Class D amplifiers are a bit of an exception, in that many of them take advantage of the fact that they actually have way more power available than they need, letting them actually alternate powering the two channels, reducing the instantaneous current draw. (This is why you must only bridge class D outputs in the ways listed in the datasheet.)
As far as power goes, I'm always talking about continuous power. So if you're running a 24V driver, your max output is going to be 72 watts, right?
Nope. You’re going by the math for DC, but it’s not DC, it’s AC.
Some things to understand:
1. The supply voltage is what limits the maximum power of the amp, as it is the highest voltage that be present on the output. For any given speaker impedance, it is the maximum voltage alone that limits the power. But it’s a sine wave, so the vast majority of the signal is below the peak voltage.

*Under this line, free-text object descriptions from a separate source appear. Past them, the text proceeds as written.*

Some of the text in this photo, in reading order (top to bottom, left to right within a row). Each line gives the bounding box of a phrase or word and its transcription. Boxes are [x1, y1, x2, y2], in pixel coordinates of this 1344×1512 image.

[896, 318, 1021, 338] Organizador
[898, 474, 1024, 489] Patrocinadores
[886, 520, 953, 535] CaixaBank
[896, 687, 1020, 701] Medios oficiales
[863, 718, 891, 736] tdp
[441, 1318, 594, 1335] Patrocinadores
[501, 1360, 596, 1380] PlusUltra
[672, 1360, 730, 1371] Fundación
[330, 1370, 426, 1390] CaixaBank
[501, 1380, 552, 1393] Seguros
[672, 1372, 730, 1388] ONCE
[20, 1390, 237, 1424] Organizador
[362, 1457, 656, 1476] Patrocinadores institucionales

2. Many (most?) class D amps, including the one here, use creative switching to produce both the positive and negative sides of the output waveform from a single-polarity power supply (let’s call this VCC). This means that the output voltage can swing from +VCC to -VCC, meaning a peak-to-peak voltage of VCCx2. So if your VCC is 24V, then your output can swing from +24 to -24 volts, a total peak-to-peak voltage of 48V!

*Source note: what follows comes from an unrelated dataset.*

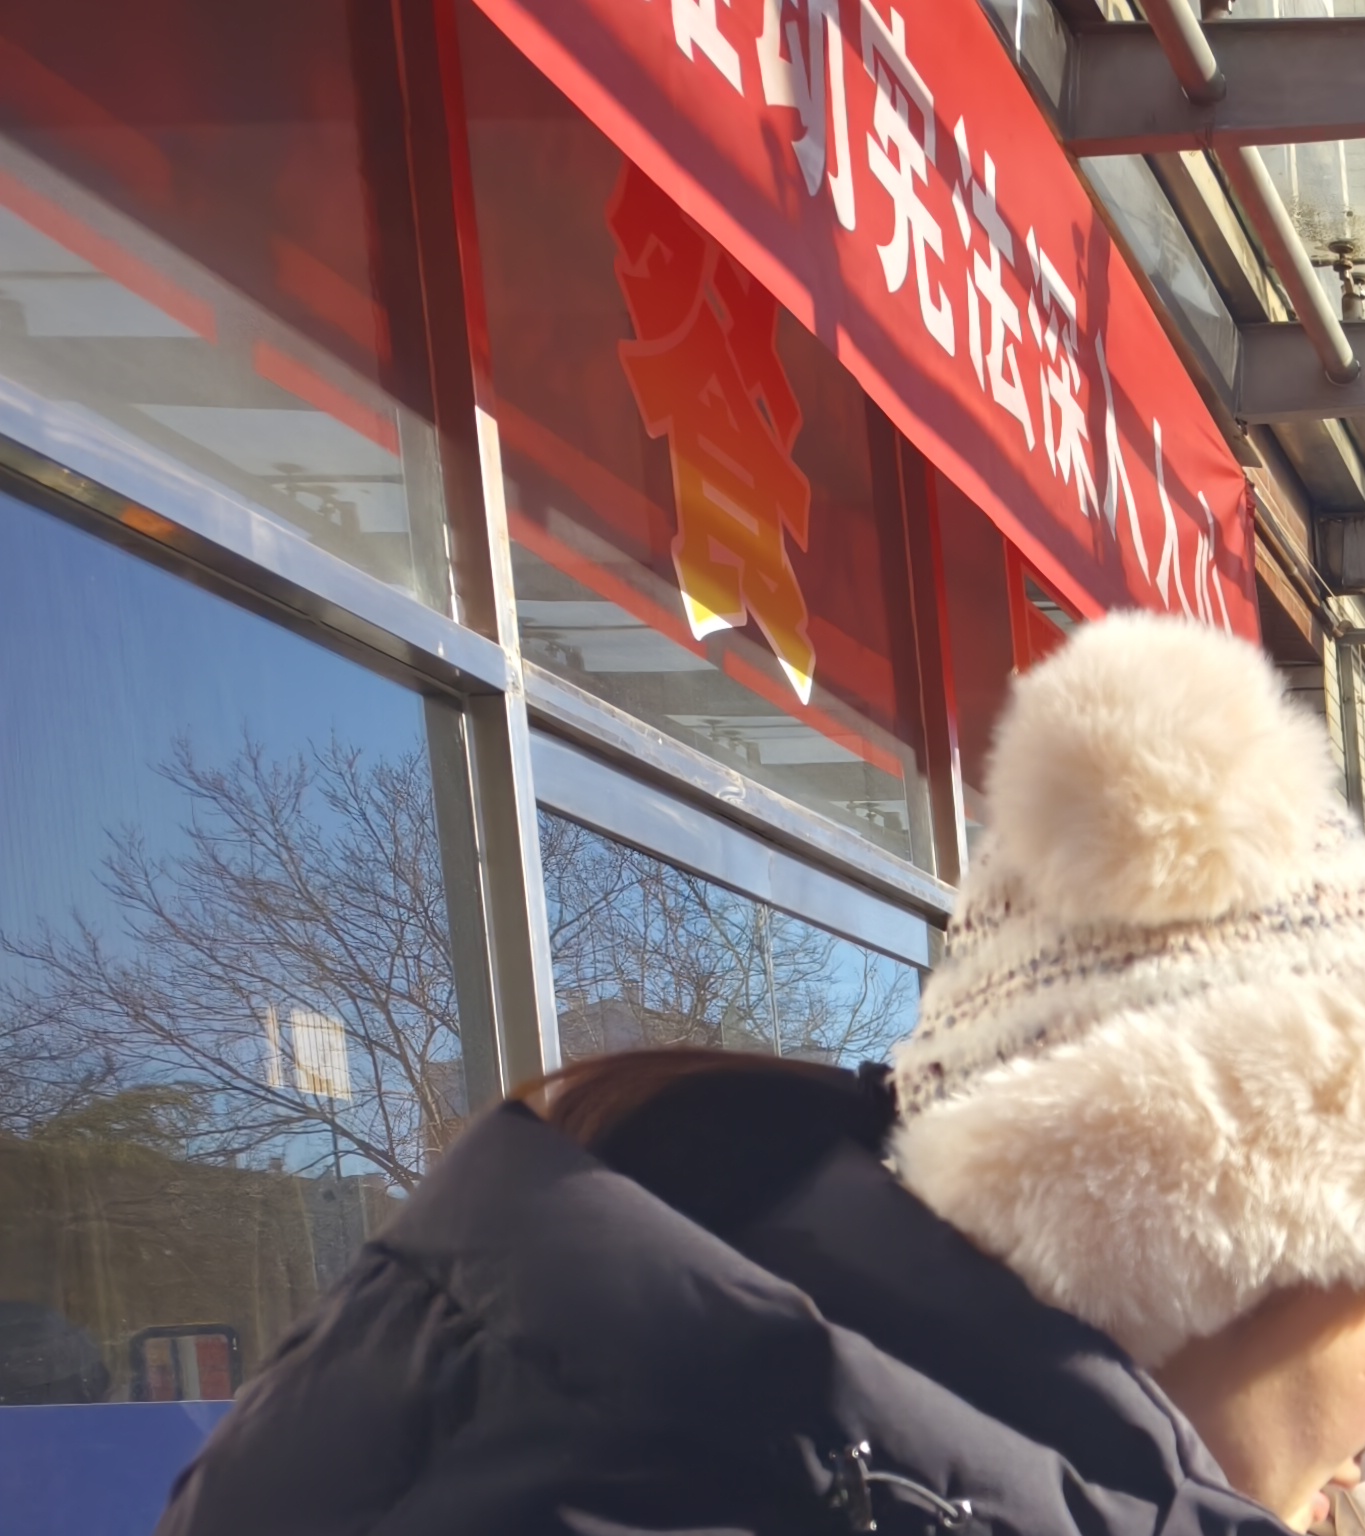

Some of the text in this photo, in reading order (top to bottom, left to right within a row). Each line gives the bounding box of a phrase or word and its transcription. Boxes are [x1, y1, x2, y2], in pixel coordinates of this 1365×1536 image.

[671, 0, 1233, 638] 动宪法深入人心

3. In a sine wave, the peak voltage is only reached for a tiny amount of time. Most of the time is less. So we measure using RMS, the value of the AC signal given as the DC voltage with the equivalent heating power. For a pure sine wave, the RMS value is the square root of 2 (about 0.707) times the peak voltage (which in an amp is at most the VCC). So for your 24V VCC, the RMS becomes 24x0.707, or about 17V. And that gives you a maximum average power of 36W into 8 ohms (a current draw of 2.125A). (You can also calculate it as VCC
2/2x(impedance).)
4. Music isn’t a singular, always-full-amplitude sine wave. That’d just be a single loud tone. Nor is music multiple sine waves of different frequencies, but always full amplitude. No, it’s nearly infinitely many simultaneous sine waves of different frequencies
at highly varying amplitudes. Indeed, most of them will be
far below the peak amplitude (since the peak is necessarily the peak
sum of all the frequencies at any instant). The consequence of this is that the average power is far lower than the peak power, easily a factor of half
at full volume.
5. As such, while you will need capacitors to ensure the peak current can be supplied, the power supply only needs to be beefy enough to supply the average current. That’s why you can get away with the small power supplies commonly used in audio gear now.

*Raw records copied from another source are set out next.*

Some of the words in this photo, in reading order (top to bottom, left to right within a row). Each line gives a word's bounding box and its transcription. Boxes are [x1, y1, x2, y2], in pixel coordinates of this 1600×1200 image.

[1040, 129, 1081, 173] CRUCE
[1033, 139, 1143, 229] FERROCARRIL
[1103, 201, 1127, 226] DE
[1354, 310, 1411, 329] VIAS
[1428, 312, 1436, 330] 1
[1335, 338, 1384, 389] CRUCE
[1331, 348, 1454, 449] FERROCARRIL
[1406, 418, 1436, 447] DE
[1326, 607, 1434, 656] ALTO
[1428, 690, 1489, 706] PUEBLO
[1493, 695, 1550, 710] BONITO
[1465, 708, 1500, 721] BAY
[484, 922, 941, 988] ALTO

And that’s all assuming you’re running it at full blast. At typical home, indoor listening levels, you don’t need but a tiny fraction the power. One of the 3116’s at just 7 volts into 8 ohm speakers is enough to be much too loud to have a conversation, and that’s just 3 watts per channel max. Nighttime watching a TV show, for instance, will have the 3116 drawing maybe 30mA at 5 volts, so 150mW total (and at 5V, the 3116’s quiescent current with no signal is about 15mA, so at most 75mW actually going to the speakers!).
A lot of info, but I hope it helps. Of course there are lots of other things that come into play and slightly increase the power needed, but this should help understand why you can’t just apply ohms law to the supply voltage to calculate an amp’s power.